::: Recorded information :::
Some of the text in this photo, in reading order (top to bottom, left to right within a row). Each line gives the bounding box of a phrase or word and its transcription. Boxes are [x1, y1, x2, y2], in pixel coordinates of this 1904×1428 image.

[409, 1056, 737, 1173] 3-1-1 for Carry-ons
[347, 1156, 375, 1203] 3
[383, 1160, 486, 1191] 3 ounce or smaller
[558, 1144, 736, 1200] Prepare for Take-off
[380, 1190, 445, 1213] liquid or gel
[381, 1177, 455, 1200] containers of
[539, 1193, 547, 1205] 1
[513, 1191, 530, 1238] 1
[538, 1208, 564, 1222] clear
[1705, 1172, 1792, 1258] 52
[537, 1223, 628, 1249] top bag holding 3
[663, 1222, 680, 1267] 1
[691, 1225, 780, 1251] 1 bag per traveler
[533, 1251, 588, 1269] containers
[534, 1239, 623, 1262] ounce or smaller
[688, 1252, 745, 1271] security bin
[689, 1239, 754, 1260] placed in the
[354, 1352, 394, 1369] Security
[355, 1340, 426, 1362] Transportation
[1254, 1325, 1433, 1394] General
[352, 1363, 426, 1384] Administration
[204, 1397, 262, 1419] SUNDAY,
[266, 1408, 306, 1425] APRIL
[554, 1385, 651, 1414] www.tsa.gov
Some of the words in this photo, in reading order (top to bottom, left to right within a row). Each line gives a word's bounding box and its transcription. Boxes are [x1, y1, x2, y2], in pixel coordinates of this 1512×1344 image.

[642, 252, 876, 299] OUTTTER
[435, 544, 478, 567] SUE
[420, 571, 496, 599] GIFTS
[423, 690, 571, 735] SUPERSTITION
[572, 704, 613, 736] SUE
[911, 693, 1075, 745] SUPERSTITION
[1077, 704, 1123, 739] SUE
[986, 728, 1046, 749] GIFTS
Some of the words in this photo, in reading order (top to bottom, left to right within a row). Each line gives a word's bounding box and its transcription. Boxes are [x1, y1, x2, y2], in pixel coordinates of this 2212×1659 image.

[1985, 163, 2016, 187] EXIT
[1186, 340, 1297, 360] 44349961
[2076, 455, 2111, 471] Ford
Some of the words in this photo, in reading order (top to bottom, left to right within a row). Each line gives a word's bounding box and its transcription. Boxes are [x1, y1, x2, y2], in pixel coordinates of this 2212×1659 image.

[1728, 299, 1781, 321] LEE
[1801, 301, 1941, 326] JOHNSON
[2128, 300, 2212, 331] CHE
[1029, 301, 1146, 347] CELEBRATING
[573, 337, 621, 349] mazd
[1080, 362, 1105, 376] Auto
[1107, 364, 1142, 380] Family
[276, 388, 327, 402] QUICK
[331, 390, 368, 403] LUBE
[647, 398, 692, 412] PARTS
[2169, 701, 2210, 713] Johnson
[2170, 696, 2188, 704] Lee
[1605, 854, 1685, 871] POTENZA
:::
--- Requirement ---
Transcribe the records above exactly.

--- Answer section ---
Some of the text in this photo, in reading order (top to bottom, left to right within a row). Each line gives the bounding box of a phrase or word and its transcription. Boxes are [x1, y1, x2, y2], in pixel coordinates of this 1904×1428 image.

[409, 1056, 737, 1173] 3-1-1 for Carry-ons
[347, 1156, 375, 1203] 3
[383, 1160, 486, 1191] 3 ounce or smaller
[558, 1144, 736, 1200] Prepare for Take-off
[380, 1190, 445, 1213] liquid or gel
[381, 1177, 455, 1200] containers of
[539, 1193, 547, 1205] 1
[513, 1191, 530, 1238] 1
[538, 1208, 564, 1222] clear
[1705, 1172, 1792, 1258] 52
[537, 1223, 628, 1249] top bag holding 3
[663, 1222, 680, 1267] 1
[691, 1225, 780, 1251] 1 bag per traveler
[533, 1251, 588, 1269] containers
[534, 1239, 623, 1262] ounce or smaller
[688, 1252, 745, 1271] security bin
[689, 1239, 754, 1260] placed in the
[354, 1352, 394, 1369] Security
[355, 1340, 426, 1362] Transportation
[1254, 1325, 1433, 1394] General
[352, 1363, 426, 1384] Administration
[204, 1397, 262, 1419] SUNDAY,
[266, 1408, 306, 1425] APRIL
[554, 1385, 651, 1414] www.tsa.gov
Some of the words in this photo, in reading order (top to bottom, left to right within a row). Each line gives a word's bounding box and its transcription. Boxes are [x1, y1, x2, y2], in pixel coordinates of this 1512×1344 image.

[642, 252, 876, 299] OUTTTER
[435, 544, 478, 567] SUE
[420, 571, 496, 599] GIFTS
[423, 690, 571, 735] SUPERSTITION
[572, 704, 613, 736] SUE
[911, 693, 1075, 745] SUPERSTITION
[1077, 704, 1123, 739] SUE
[986, 728, 1046, 749] GIFTS
Some of the words in this photo, in reading order (top to bottom, left to right within a row). Each line gives a word's bounding box and its transcription. Boxes are [x1, y1, x2, y2], in pixel coordinates of this 2212×1659 image.

[1985, 163, 2016, 187] EXIT
[1186, 340, 1297, 360] 44349961
[2076, 455, 2111, 471] Ford
Some of the words in this photo, in reading order (top to bottom, left to right within a row). Each line gives a word's bounding box and its transcription. Boxes are [x1, y1, x2, y2], in pixel coordinates of this 2212×1659 image.

[1728, 299, 1781, 321] LEE
[1801, 301, 1941, 326] JOHNSON
[2128, 300, 2212, 331] CHE
[1029, 301, 1146, 347] CELEBRATING
[573, 337, 621, 349] mazd
[1080, 362, 1105, 376] Auto
[1107, 364, 1142, 380] Family
[276, 388, 327, 402] QUICK
[331, 390, 368, 403] LUBE
[647, 398, 692, 412] PARTS
[2169, 701, 2210, 713] Johnson
[2170, 696, 2188, 704] Lee
[1605, 854, 1685, 871] POTENZA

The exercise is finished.